Joseph Conrad, Under Western Eyes, IV, 1

«Meine Mutter war eine Jüdin, von kräftiger, erdnäher, slawischer Struktur, sie sang oft ukrainische Lieder, denn sie war sehr unglüc klich, und die Armen sind es, die bei uns zu Hause singen, nicht die Glücklichen, wie in westlichen Ländern… Dieshalb sind die öst licher Lieder schöner und wer ein Herz hat und sie hört, ist nahe dem Weinen)».
En Berlín descubrí estas palabras, dibujadas con grandes caracteres negros que imitan la escritura del autor, una larga línea que recorre lo alto de dos paredes amarillentas de la Joseph Roth Diele. Traduzco: «Mi madre era una judía de constitución robusta, eslava, cercana a la tierra. A menudo cantaba canciones ucranianas porque era muy desdichada, como lo son los pobres, y entre nosotros son ellos quienes cantan en casa, no los felices, como en tierras del Oeste… Por eso las canciones del Este son más hermosas, y al oírlas quien tenga corazón estará a punto de llorar».
Esa mujer sólida, tenaz, que crió sola al hijo durante los años en que el padre, entre accesos de melancolía y violencia, estuvo internado antes de morir demente, esa madre no debió parecerse en nada a la mía, una «muñequita porteña» a quien emocionaba el tango en la voz de Mercedes Simone.
Hubo ocasiones, cada vez más frecuentes con el paso del tiempo, en que a mi madre se le ocurría regalarme un recuerdo. ¿Preveía acaso que su memoria empezaba a extinguirse y quería que yo conservase algunos momentos felices que le había tocado vivir? De las desdichas nunca hablaba aunque sé que las recordaba claramente, indelebles para ella como para mí permanecen algunas escenas penosas que presencié en mi infancia.

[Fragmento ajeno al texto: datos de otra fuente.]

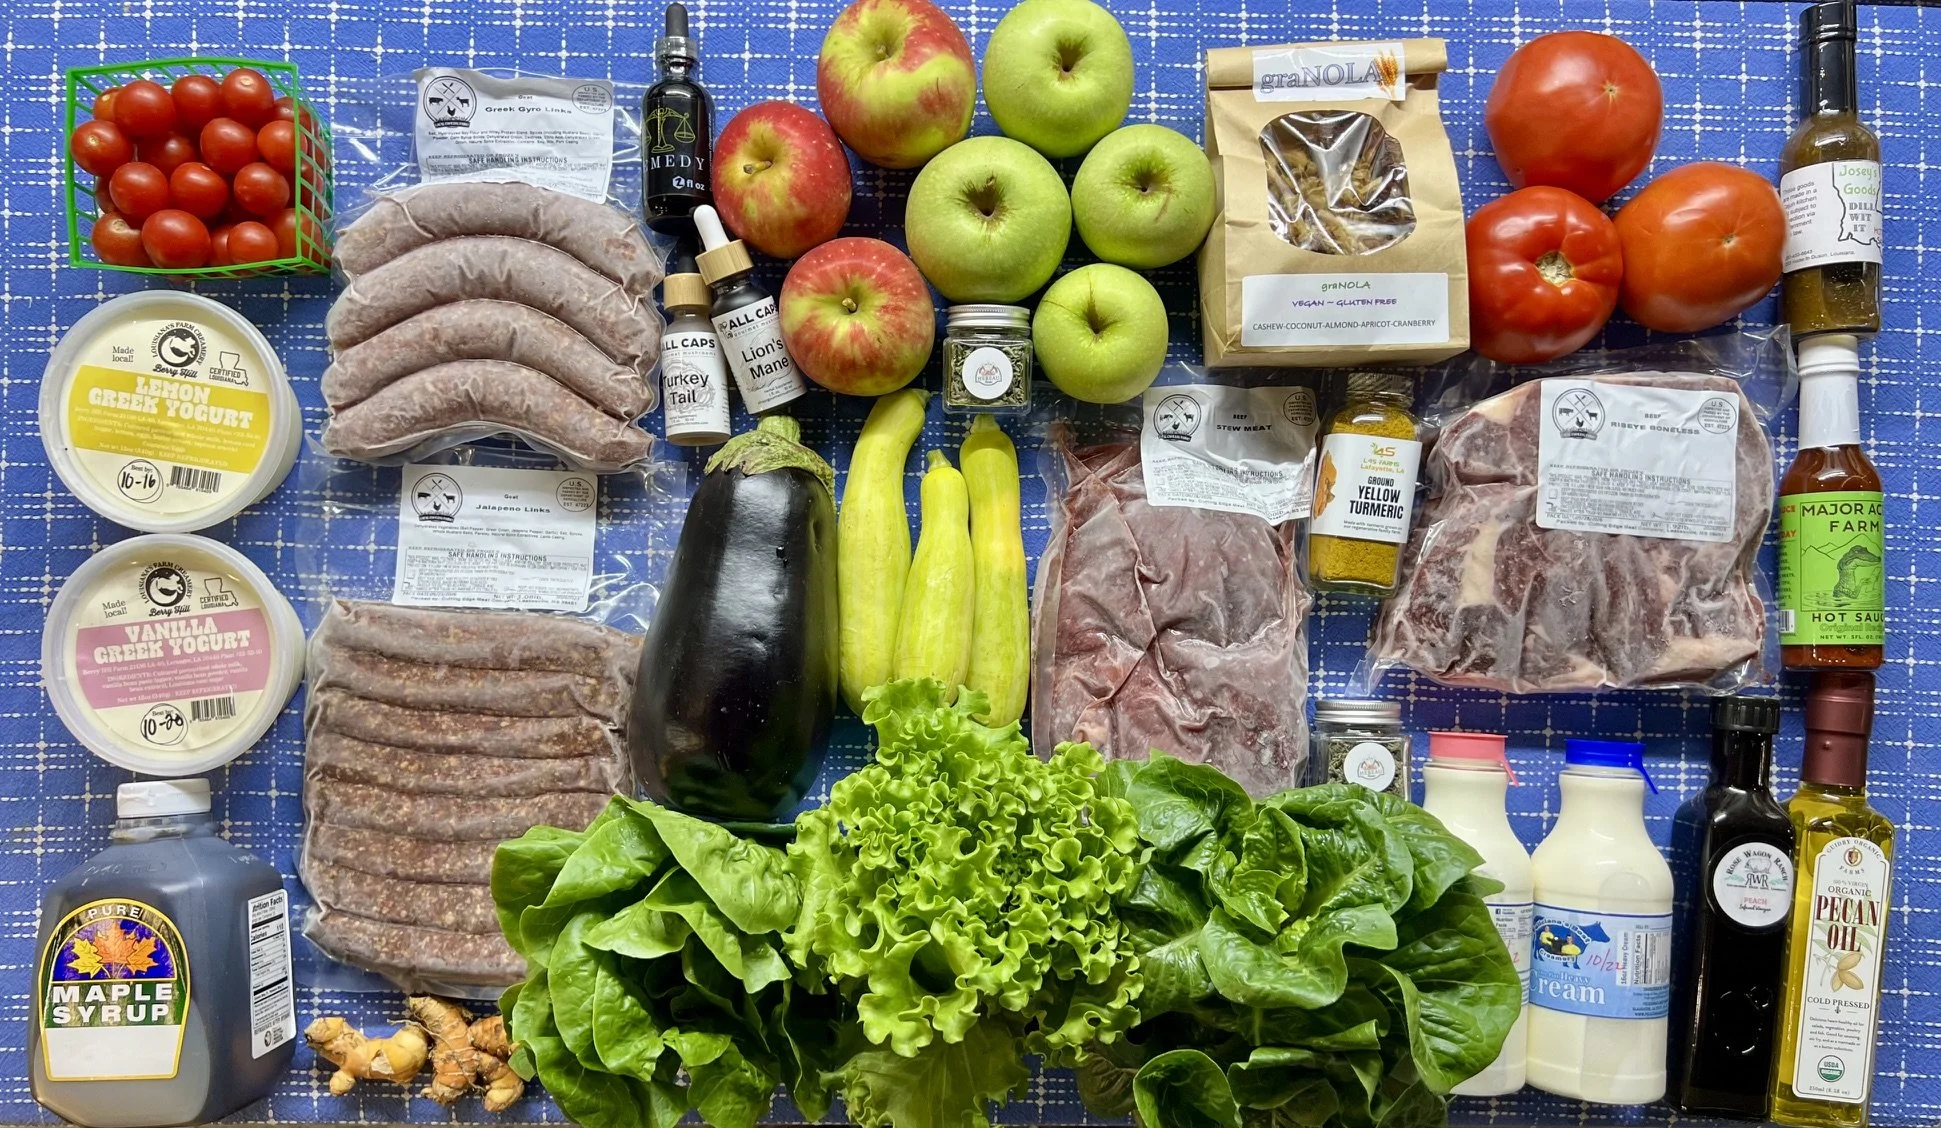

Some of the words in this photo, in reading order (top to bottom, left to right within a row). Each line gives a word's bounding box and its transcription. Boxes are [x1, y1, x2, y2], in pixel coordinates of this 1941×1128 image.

Evocaba en esos momentos a su madre, la abuela que nunca conocí, descansando en una mecedora al final de la tarde, una vez terminadas por el día las interminables tareas domésticas, en el patio de la casa de la calle Victoria y entonando una canción cuya letra en idisch mi madre nunca entendió. (Como muchos inmigrantes deseosos de integración, mis abuelos solo conversaban en voz baja en ruso o en idisch para no contaminar el castellano que sus hijos aprendían en la escuela.) Podía, sin embargo, repetir las primeras palabras, quién sabe con qué deformación, sin entender su sentido: Oifn pripetshik.

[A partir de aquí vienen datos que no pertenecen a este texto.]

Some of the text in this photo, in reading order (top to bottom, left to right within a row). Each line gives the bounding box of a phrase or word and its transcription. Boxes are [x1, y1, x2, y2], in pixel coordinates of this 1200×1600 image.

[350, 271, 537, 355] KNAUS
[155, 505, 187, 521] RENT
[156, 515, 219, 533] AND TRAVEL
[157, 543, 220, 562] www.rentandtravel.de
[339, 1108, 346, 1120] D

Esas palabras las iba yo a reconocer en la tapa de un CD, en la tienda de discos de Corrientes y Callao, junto al nombre de Benzion Witler, de quien averiguaría que fue un cantante y actor, polaco o lituano, cuya popularidad en los años 30 sobrevivió a la segunda guerra mundial hasta llegar a cantar (¿cuándo?, ¿dónde?) en Buenos Aires. No creo, sin embargo, que mi madre lo conociera. Su nombre y la fotografía en el estuche del CD no suscitaron en ella ninguna reacción; la canción, en cambio, despertó una sonrisa poco frecuente en sus meses finales. A menudo, cuando la visitaba, me señalaba sin una palabra el lector de CDs y yo entendía que ya no era a Mercedes Simone a quien quería escuchar sino aquella canción sin título que había cantado su madre: una melodía melancólica, unas palabras sin duda tristes como las que entonaba la madre de Roth.

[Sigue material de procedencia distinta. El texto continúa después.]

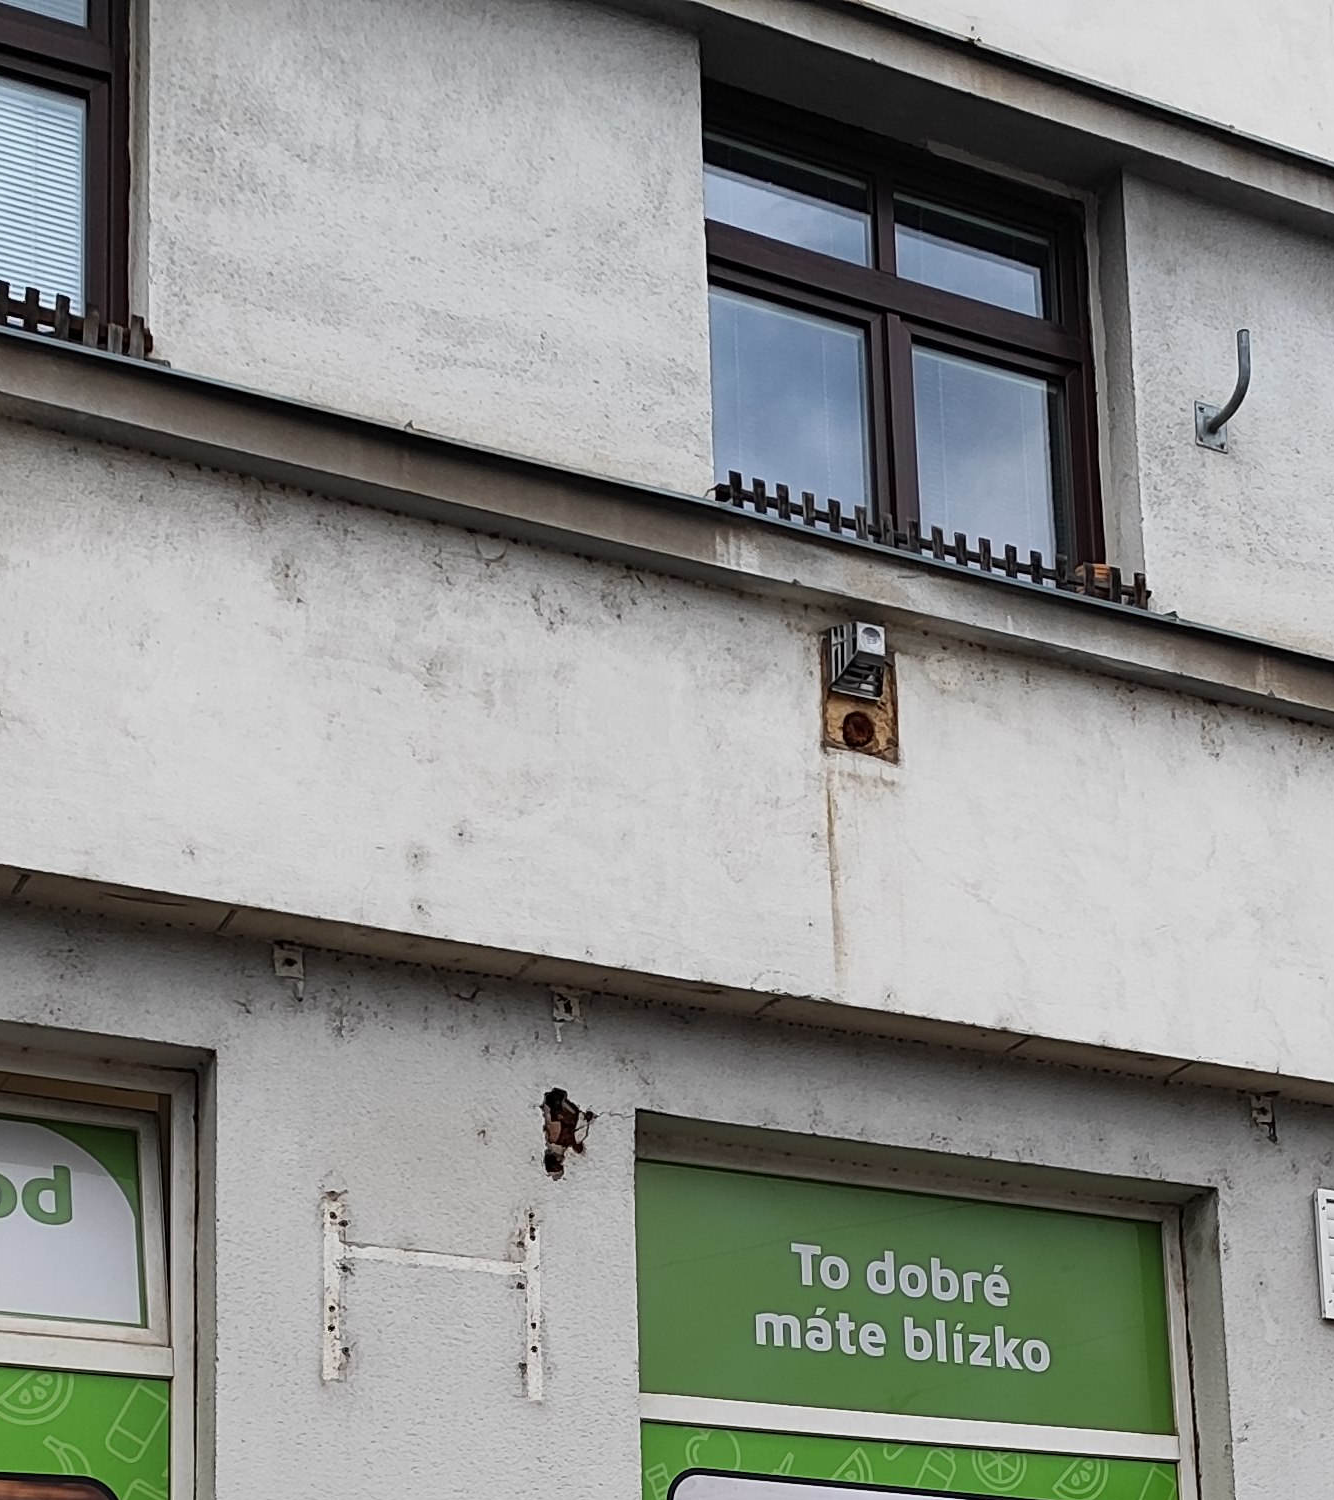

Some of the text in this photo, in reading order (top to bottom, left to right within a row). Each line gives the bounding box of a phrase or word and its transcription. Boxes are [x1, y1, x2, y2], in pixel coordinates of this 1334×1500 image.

[790, 1242, 1010, 1307] To dobré
[755, 1307, 1051, 1373] máte blízko

A estas hipótesis me dejo llevar en la Joseph Roth Diele, donde tengo mi stammtisch cuando visito Berlín. Me cuesta traducir stammtisch: ¿mesa propia?, ¿mesa habitual?, ¿paradero frecuente?, ¿rincón preferido? Tampoco acierto con una equivalencia para diele, acaso no la haya: ni cervecería ni restaurant, un poco ambos, acaso taberna si en castellano la palabra no estuviese contaminada por un dejo peyorativo. En todo caso es en ese pequeño templo profano a la memoria del autor de La leyenda del santo bebedor donde recalo a menudo, en una cuadra desangelada de la Potsdamerstrasse, al lado de redacción del Tagesspiegel, cuyos periodistas lo invaden a la hora de almorzar, y frente al Wintergarten, un nostálgico teatro de varietés.
Roth no está solo en el nombre. Su autógrafo ha sido reproducido, gigantesco, hasta cubrir el cielo raso de un lado a otro. Las paredes están cubiertas por un centenar de pequeñas fotografías enmarcadas, muchas más que las dos docenas, si las hay, que han conservado la imagen del escritor; ilustran los lugares donde vivió, o por donde no hizo más que pasar en esa «huida sin fin» que dio título a una de sus novelas. Hay una estantería con sus obras completas, con biografías y estudios, al alcance del bebedor sin prisa. Sobre la pared del fondo dominan ampliaciones de dos fotografías: la del estudiante del liceo de Brody, en la difunta Galizia del Imperio Austro-Húngaro; la del alcohólico precozmente envejecido cuya propia stammtisch estaba en el café de la rue de Tournon, en cuyo piso superior se hospedó cuando cerró el hotel de la vereda de enfrente.
La vecindad de esas dos fotografías no me hace pensar en el inevitable outrage du temps. Acaso, me digo, este sea el precio necesario de tantos volúmenes que atesoro; pero no me demoro en este reflejo sentimental, romántico, aunque nunca puedo evitarlo. Las palabras sobre la madre (¿quién las eligió?, ¿por qué?) siempre me conmueven al releerlas. Las busqué sin encontrarlas en las novelas, en las crónicas de Roth. Una amiga austríaca, devota como yo del autor, me guió a su correspondencia. Allí estaban, en un boceto autobiográfico, quién sabe cuán verídico por parte de ese mitómano inveterado, en una carta del 10 de junio de 1930 al editor Gustav Kiepenheuer.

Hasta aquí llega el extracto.